Non si placano le polemiche intorno alla comunicazione dei dati dei contagi da parte della Regione Lombardia, accusata di nascondere la reale situazione sul proprio territorio per evitare che il governo intervenga con un nuovo lockdown. Un’accusa mossa per primo da Nino Cartabellotta, presidente della Fondazione Gimbe, nel corso della trasmissione Otto e Mezzo in onda su La7. E ripresa successivamente anche da Massimo Galli, infettivologo dell’ospedale di Milano, che ha scelto di tornare sullo spinoso argomento in un’intervista rilasciata a La Stampa.
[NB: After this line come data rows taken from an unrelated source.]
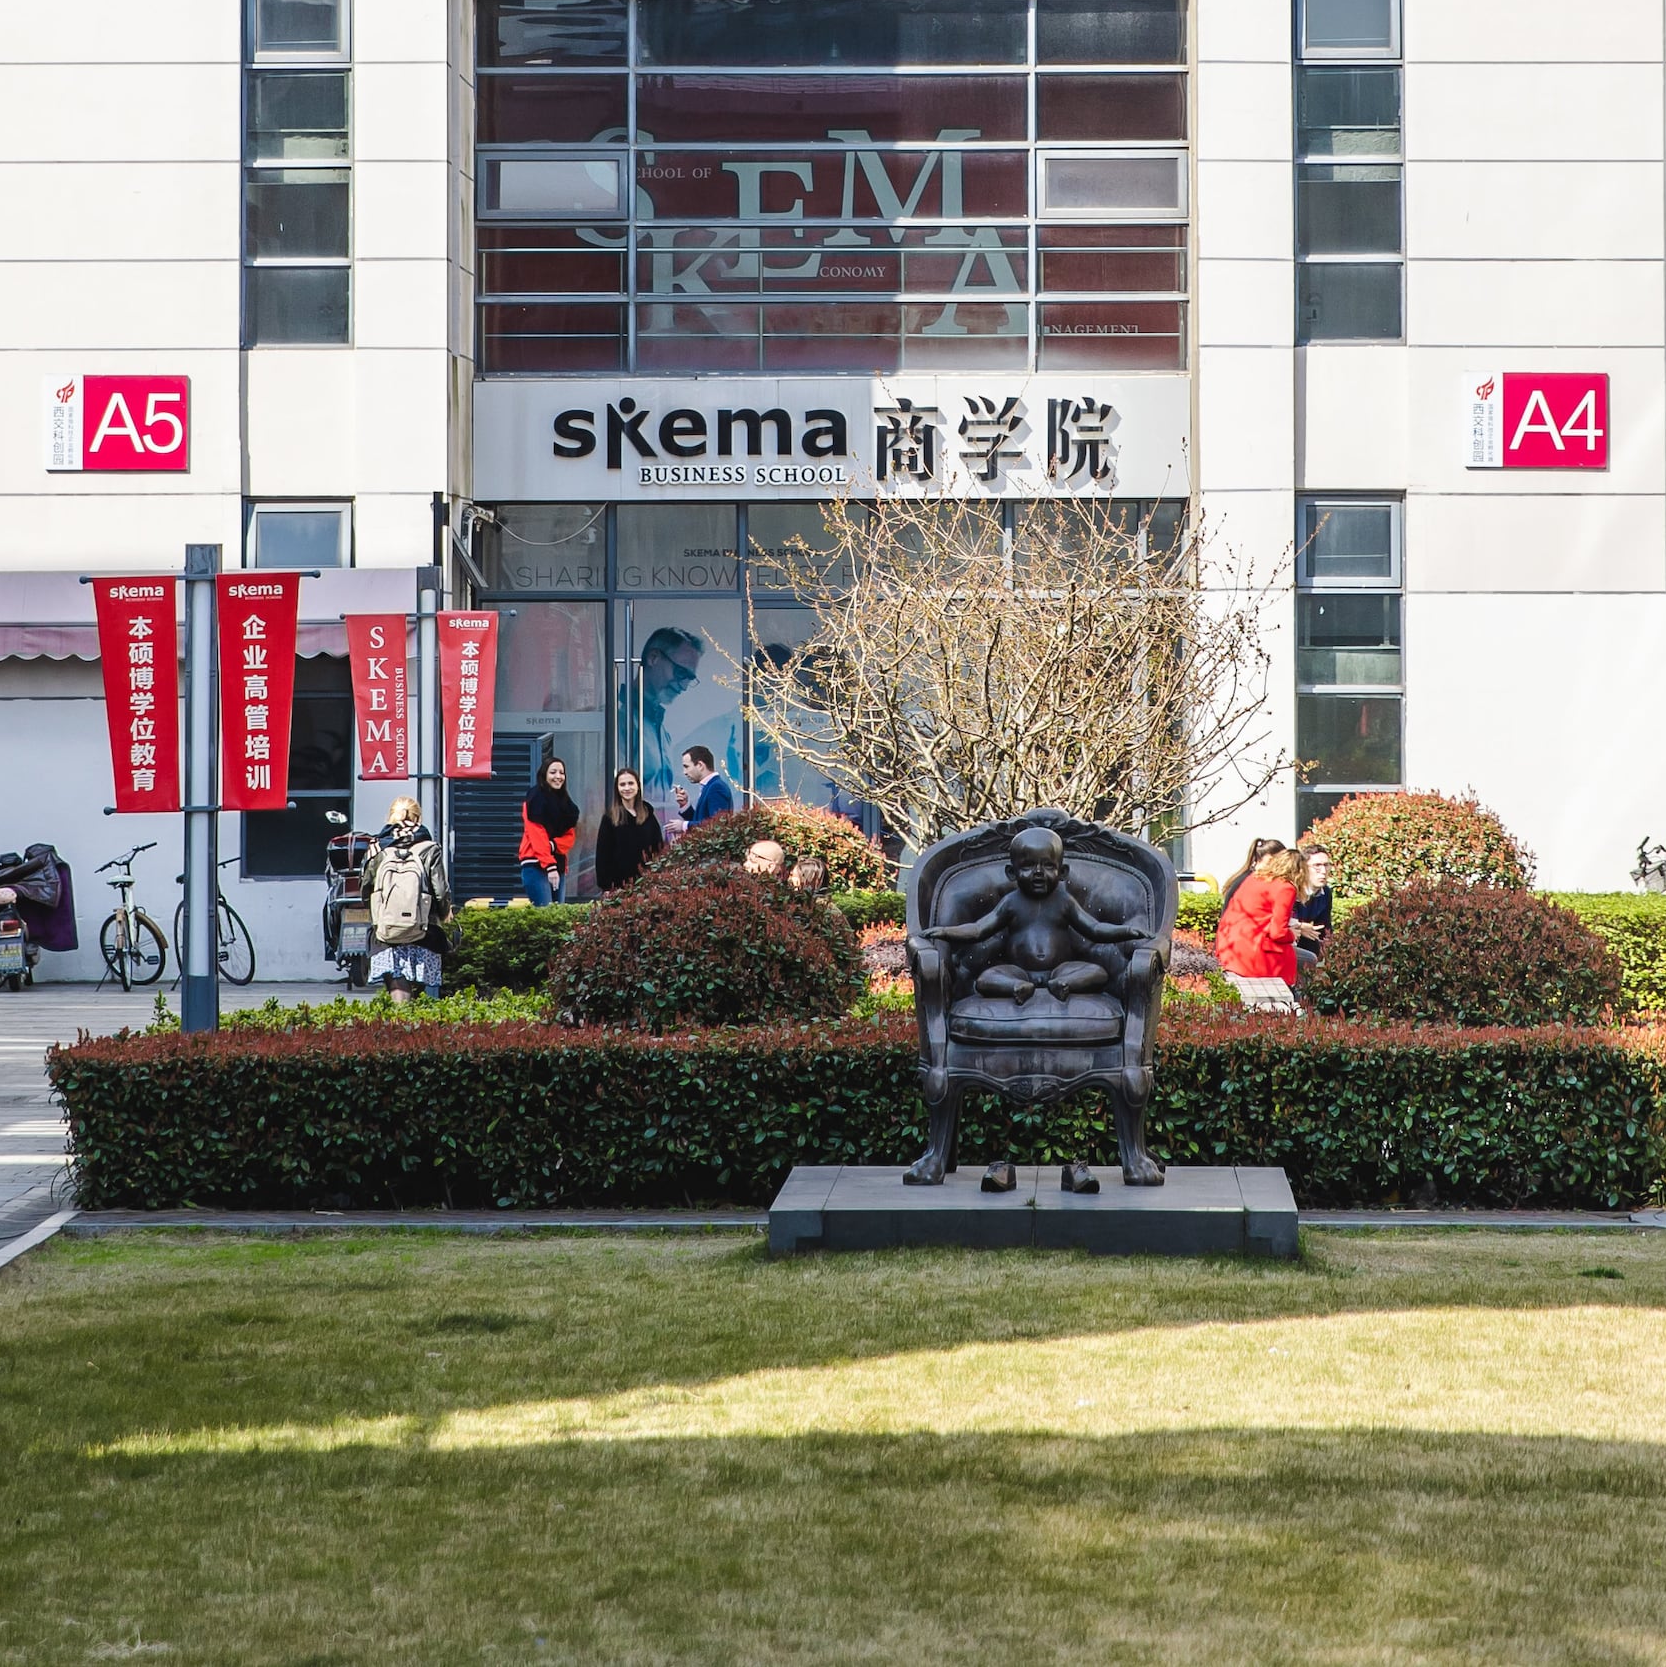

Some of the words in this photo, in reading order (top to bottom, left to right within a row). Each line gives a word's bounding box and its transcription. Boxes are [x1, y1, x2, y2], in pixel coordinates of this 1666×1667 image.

[692, 167, 712, 179] OF
[89, 392, 183, 454] A5
[553, 397, 847, 470] skema
[874, 396, 1114, 482] 商学院
[1509, 390, 1603, 451] A4
[640, 466, 745, 483] BUSINESS
[756, 467, 846, 483] SCHOOL
[109, 585, 165, 600] skema
[228, 584, 283, 598] skema
[449, 618, 490, 629] skema
[128, 616, 156, 792] 本硕博学位教育
[242, 614, 271, 790] 企业高管培训
[365, 626, 392, 773] SKEMA
[395, 667, 405, 720] BUSINESS
[456, 641, 480, 768] 本硕博学位教育
[395, 727, 406, 774] SCHOOL
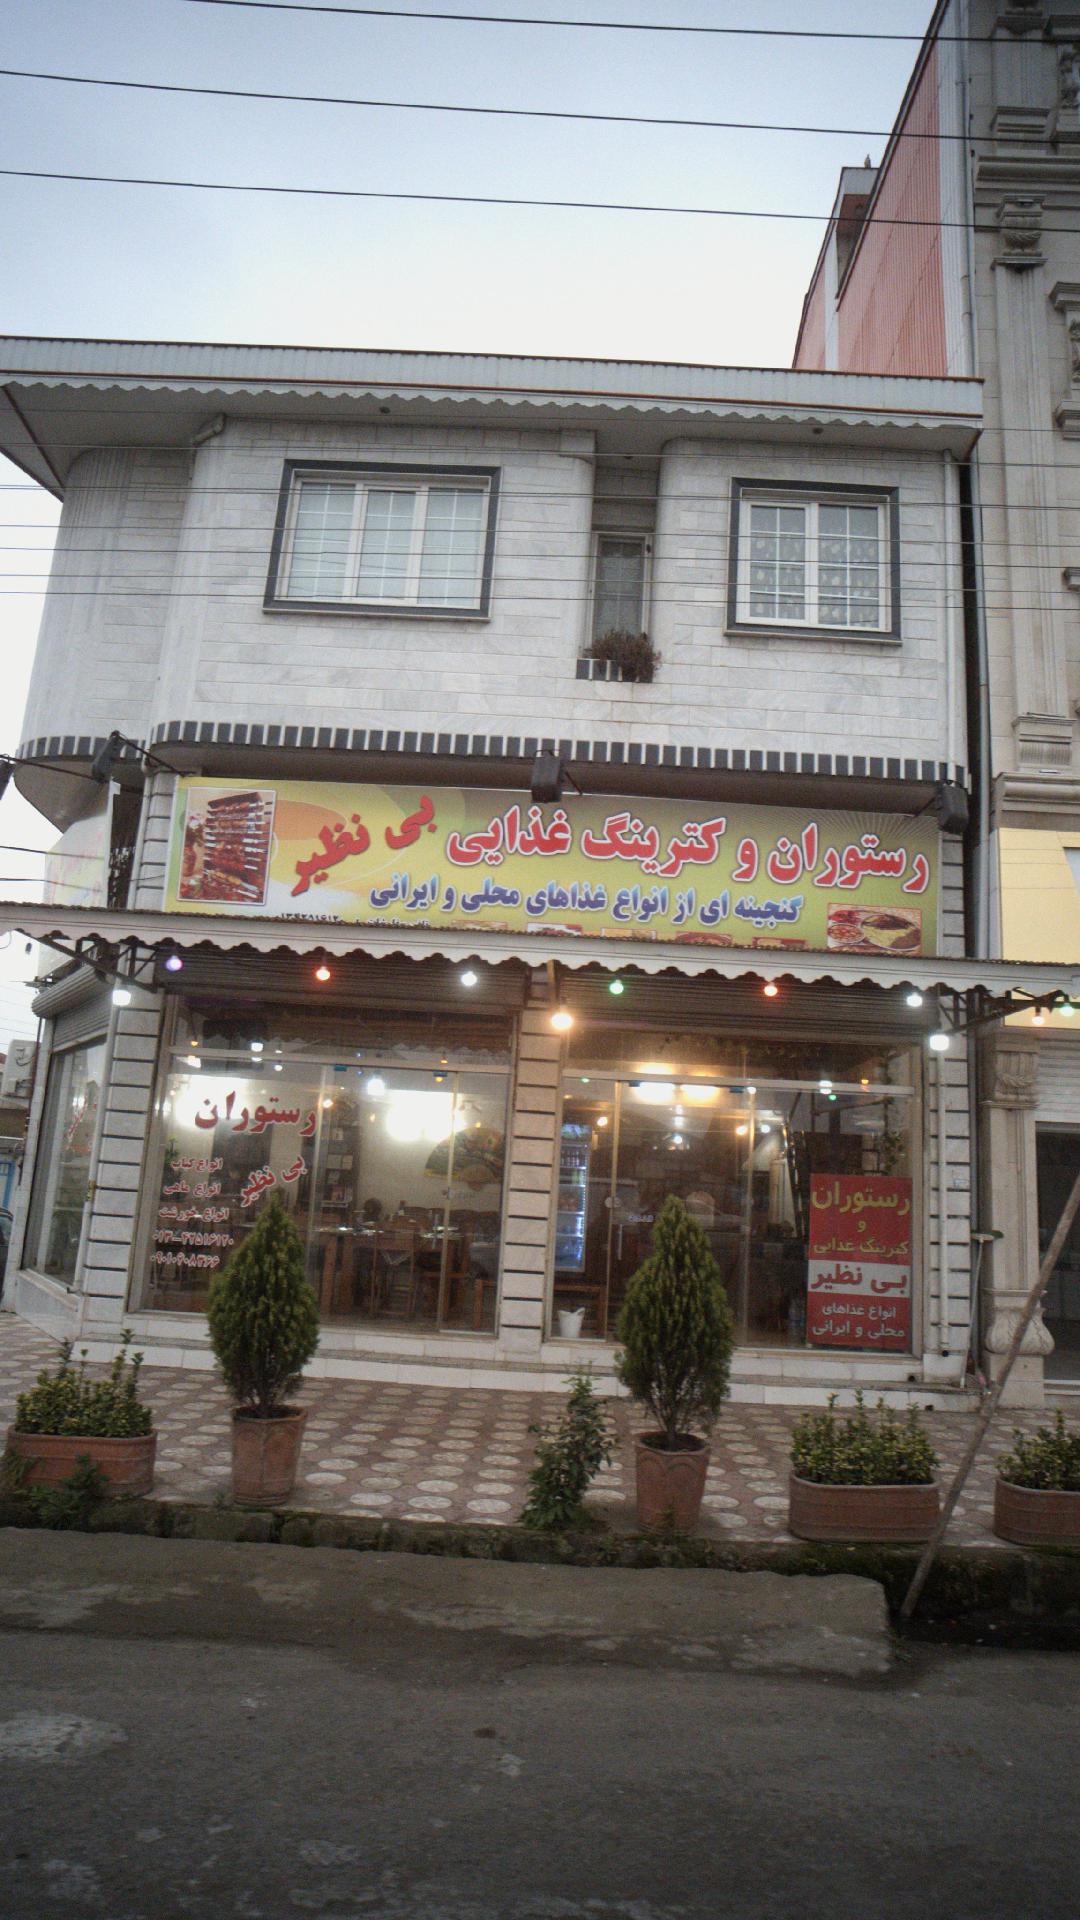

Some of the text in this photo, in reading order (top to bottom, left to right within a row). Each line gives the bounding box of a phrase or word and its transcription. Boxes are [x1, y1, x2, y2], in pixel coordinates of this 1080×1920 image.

“Di certo la Regione non ha tutti gli elementi che dovrebbe avere – ha spiegato Galli – Se non fai abbastanza tamponi è possibile che l’attendibilità o la riproducibilità dei tuoi dati ne risenta, e vale per molte regioni. È una questione molto lombarda, ma non soltanto. Diciamo che dipende dalla rilevanza dell’infezione. In Lombardia è più evidente anche perché è una regione sotto i riflettori. In Piemonte per esempio per settimane si è fatto poco per limitare l’epidemia. Così pure altrove”.
L’accusa mossa nei confronti della Lombardia è articolata. Il numero di positivi comunicati al giorno, innanzitutto, sarebbe “gonfiato” dall’inclusione nel conteggio anche dei tamponi effettuati per confermare la guarigione. Mancherebbe ancora, inoltre, un tamponamento massiccio che consenta di avere un quadro completo della situazione in una delle Regioni più colpite d’Italia dall’emergenza sanitaria. Si sospetta, insomma, che la curva del contagio non venga tenuta adeguatamente sotto controllo.
Anche un altro medico, Walter Ricciardi, in un’intervista a Repubblica senza fare nomi dice che i dati che provengono dalle Regioni non sempre sono attendibili. A Radio24 Cartabellotta aveva invece spiegato: “C’è il ragionevole sospetto che le Regioni stiano “facendo magheggi”per non dovere richiudere. La Lombardia è una di quelle”. Accuse che la Regione definisce “gravissime, offensive e soprattutto non corrispondenti al vero”, promettendo già querele.